The inventors investigated techniques for reducing the reaction forces/torque that must be endured by the operator. They theorized that these forces would be reduced if the trowel were better statically balanced than is now typically the case with walk behind trowels, in which the center of gravity is located slightly behind and to the left of the rotor's axis of rotation. The inventors therefore theorized that shifting the trowel's center of gravity forwardly would reduce reaction forces. However, they found that this shifting actually led to an increase in reaction forces generated during trowel operation.
The need therefore has arisen to provide a walk behind rotary trowel that requires substantially less operator effort to steer and control than conventional walk behind trowels.
The need additionally has arisen to reduce the operator effort required to steer and control a walk behind rotary trowel.
Pursuant to the invention, a walk behind rotary trowel is configured to be better “dynamically balanced” so as to minimize the forces/torque that the operator must endure to control and guide the trowel. The design takes into account both static and dynamic operation and attributes of the trowel, and “balances” these attributes with the operational characteristics of concrete finishing. Characteristics that are accounted for by this design include, but are not limited to, friction, engine torque, machine center of gravity, and guide handle position. As a result, dynamic balancing and consequent force/torque reduction were found to result when the machine's center of gravity was shifted substantially relative to a typical machine's center of gravity. This effect can be achieved most practically by reversing the orientation of the engine relative to the guide handle assembly when compared to traditional walk behind rotary trowels and shifting the engine as far as practical to the right.
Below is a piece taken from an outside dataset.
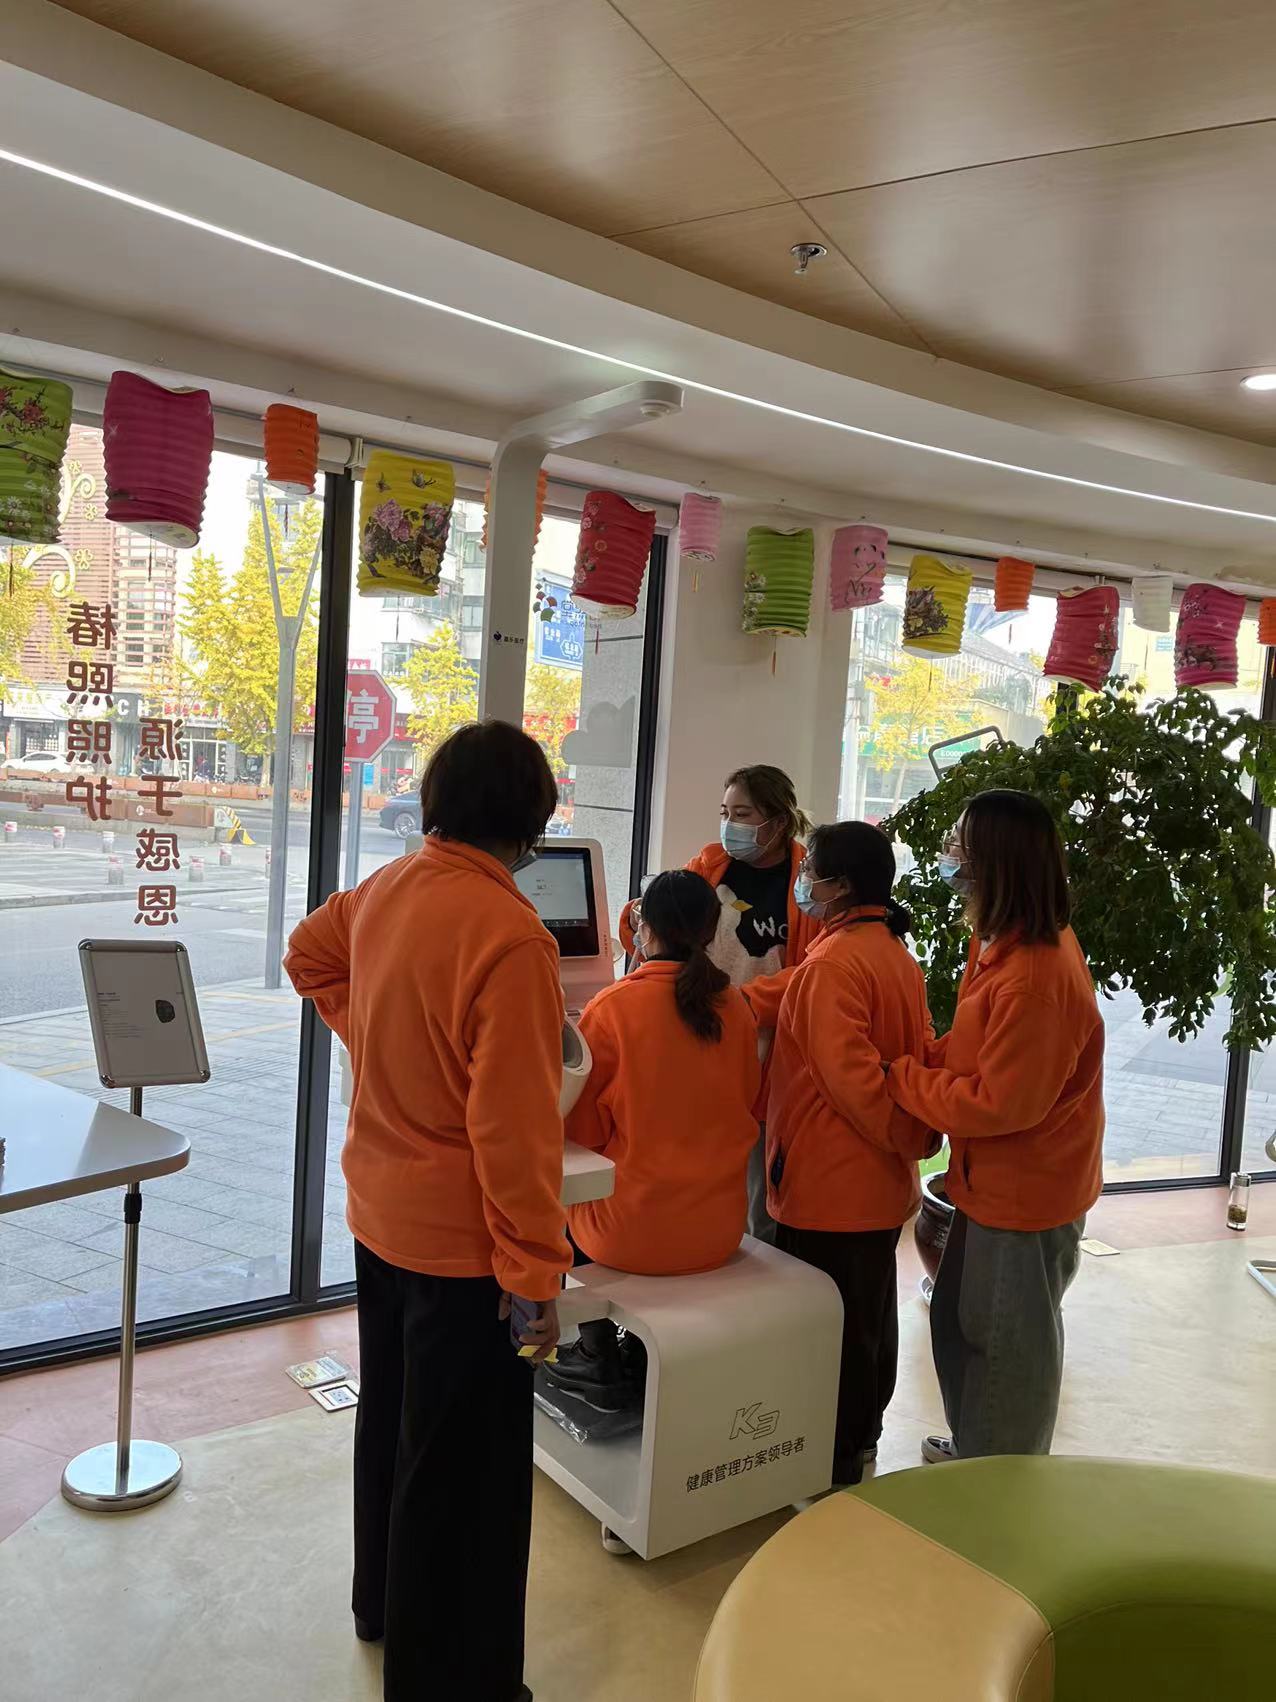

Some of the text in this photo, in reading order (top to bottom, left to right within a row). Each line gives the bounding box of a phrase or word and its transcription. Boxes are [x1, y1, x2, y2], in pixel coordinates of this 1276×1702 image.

[686, 1436, 806, 1493] 健康管理方案领导者
This shifting has been found to reduce the operational forces and torque the operator must endure by at least 50% when compared to traditional machines. Operator fatigue therefore is substantially reduced.
These and other advantages and features of the invention will become apparent to those skilled in the art from the detailed description and the accompanying drawings. It should be understood, however, that the detailed description and accompanying drawings, while indicating preferred embodiments of the present invention, are given by way of illustration and not of limitation. Many changes and modifications may be made within the scope of the present invention without departing from the spirit thereof, and the invention includes all such modifications.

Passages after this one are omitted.